_Task requirements_: Nothing but the lines from the one containing "this 1200×1600 image." to the end of the records below should be output, each exactly as written.

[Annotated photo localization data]

:::

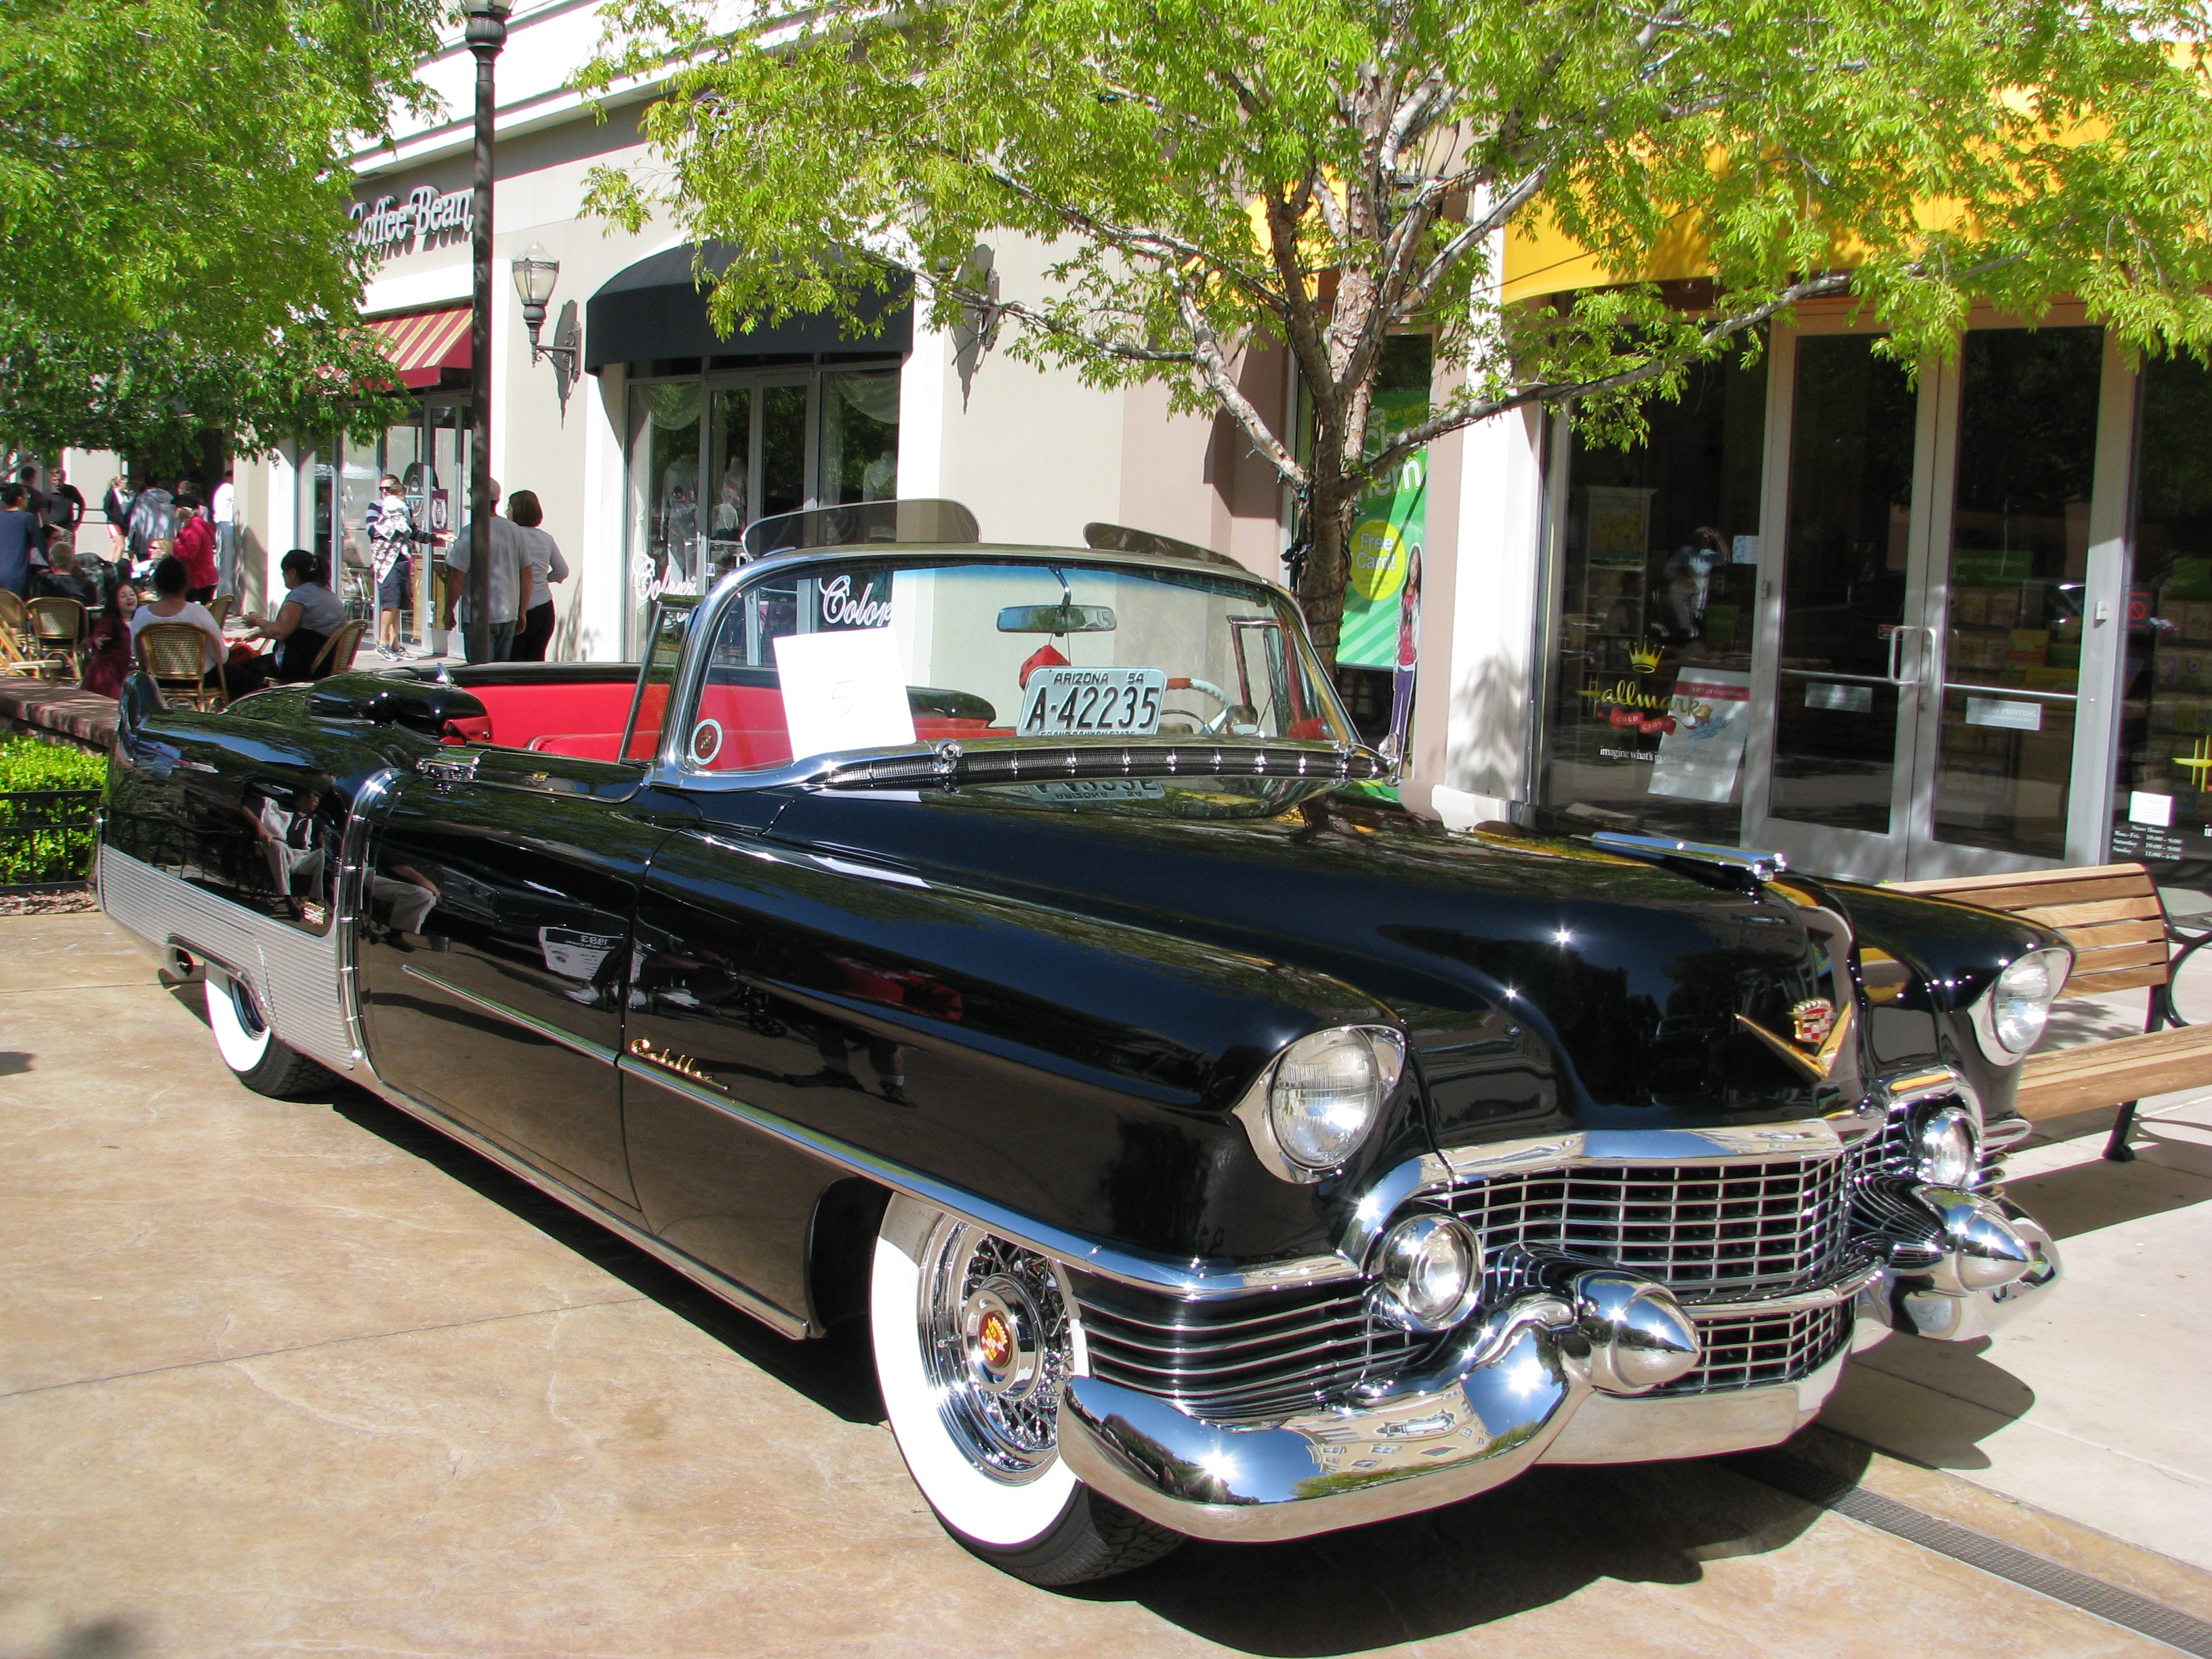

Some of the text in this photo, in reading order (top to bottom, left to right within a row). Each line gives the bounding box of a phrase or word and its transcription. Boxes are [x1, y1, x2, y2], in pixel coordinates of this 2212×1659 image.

[349, 185, 474, 247] Coffee Bean
[1368, 411, 1385, 424] EW!
[1360, 532, 1393, 552] Free
[1356, 550, 1396, 571] Card!
[1053, 672, 1145, 684] ARIZONA 54
[1024, 685, 1160, 731] A-42235
[2001, 708, 2037, 718] PRINTING
[1642, 720, 1670, 731] CROWN
[1599, 746, 1629, 759] imagine
[1630, 749, 1654, 761] what's
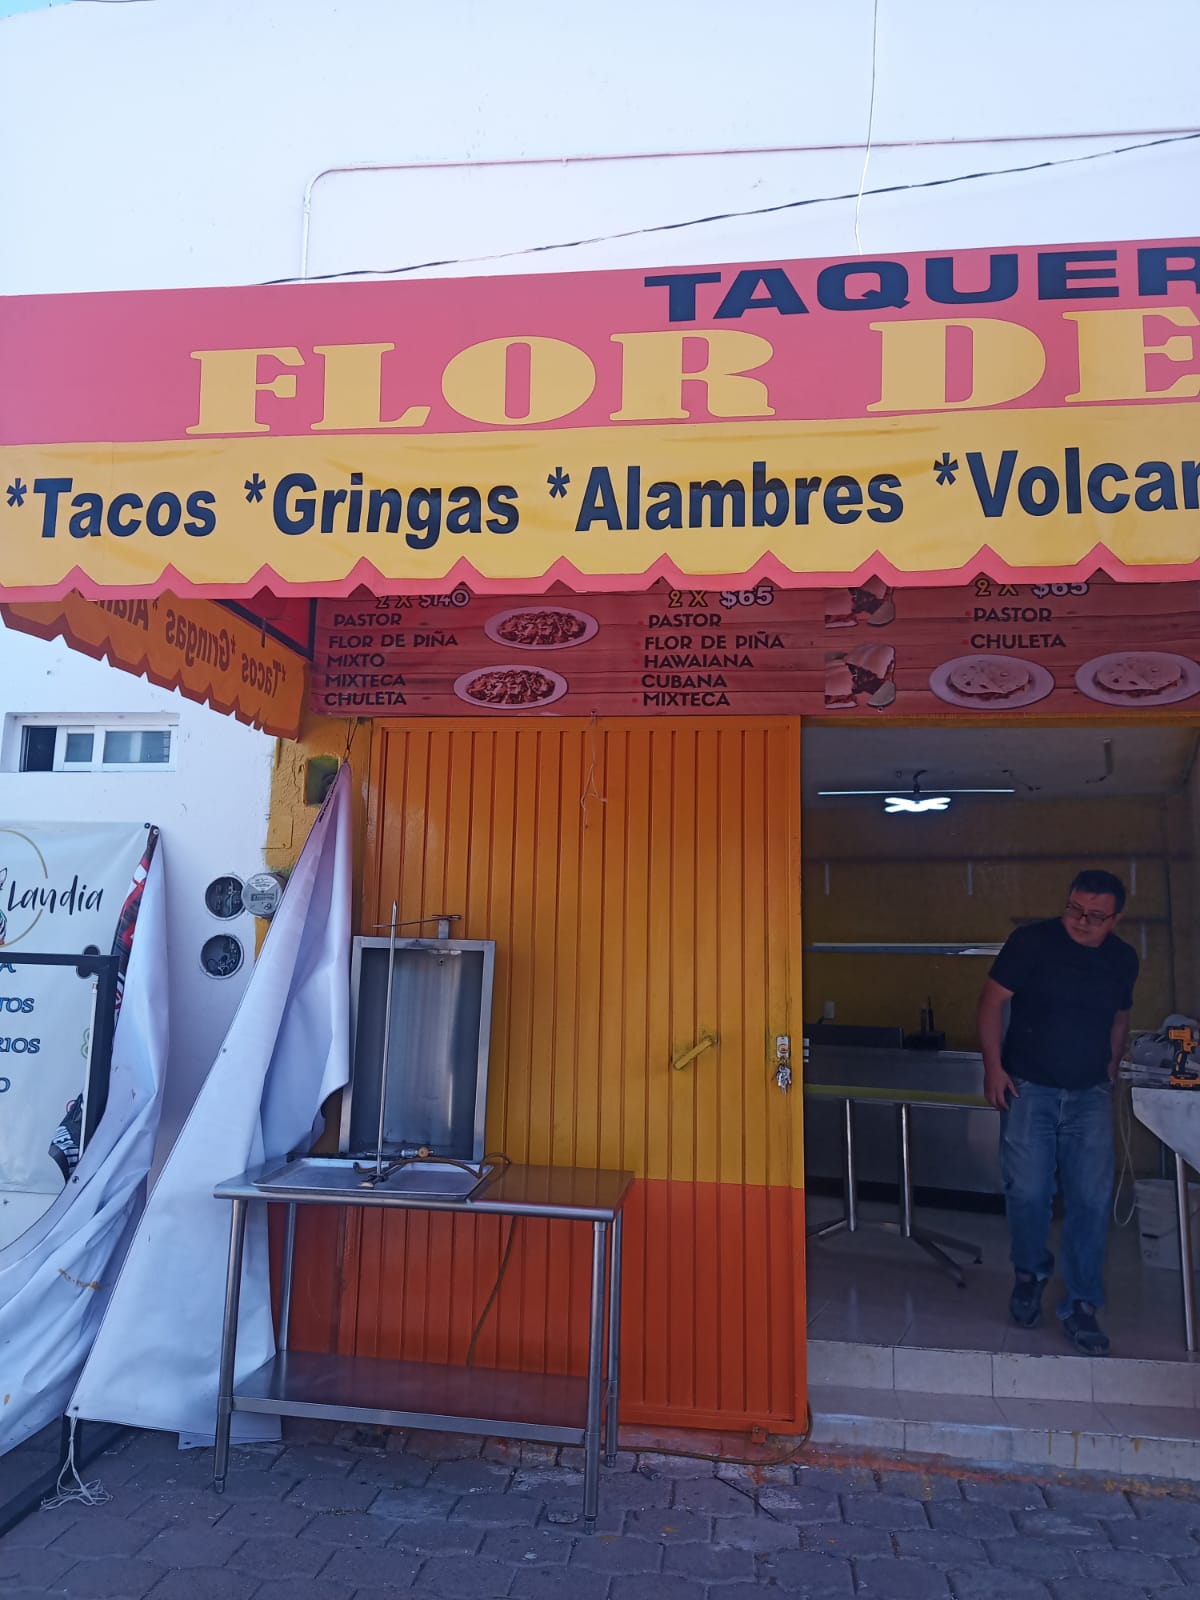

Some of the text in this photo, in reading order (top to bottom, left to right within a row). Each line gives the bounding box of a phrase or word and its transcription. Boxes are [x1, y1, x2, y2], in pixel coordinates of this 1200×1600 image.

[644, 247, 1200, 323] TAQUER
[186, 305, 1200, 435] FLOR DE
[975, 578, 992, 597] 2
[668, 586, 774, 609] 2 X $65
[333, 613, 403, 627] PASTOR
[648, 613, 722, 628] PASTOR
[973, 607, 1052, 622] PASTOR
[328, 630, 458, 649] FLOR DE PIÑA
[644, 631, 785, 651] FLOR DE PIÑA
[970, 634, 1067, 650] CHULETA
[326, 653, 386, 668] MIXTO
[643, 654, 754, 669] HAWAIANA
[325, 674, 406, 688] MIXTECA
[641, 674, 728, 689] CUBANA
[324, 691, 407, 707] CHULETA
[643, 692, 731, 707] MIXTECA
[7, 874, 104, 916] Landia

:::

_Answer for this exercise_:
Some of the text in this photo, in reading order (top to bottom, left to right within a row). Each line gives the bounding box of a phrase or word and its transcription. Boxes are [x1, y1, x2, y2], in pixel coordinates of this 1200×1600 image.

[644, 247, 1200, 323] TAQUER
[186, 305, 1200, 435] FLOR DE
[975, 578, 992, 597] 2
[668, 586, 774, 609] 2 X $65
[333, 613, 403, 627] PASTOR
[648, 613, 722, 628] PASTOR
[973, 607, 1052, 622] PASTOR
[328, 630, 458, 649] FLOR DE PIÑA
[644, 631, 785, 651] FLOR DE PIÑA
[970, 634, 1067, 650] CHULETA
[326, 653, 386, 668] MIXTO
[643, 654, 754, 669] HAWAIANA
[325, 674, 406, 688] MIXTECA
[641, 674, 728, 689] CUBANA
[324, 691, 407, 707] CHULETA
[643, 692, 731, 707] MIXTECA
[7, 874, 104, 916] Landia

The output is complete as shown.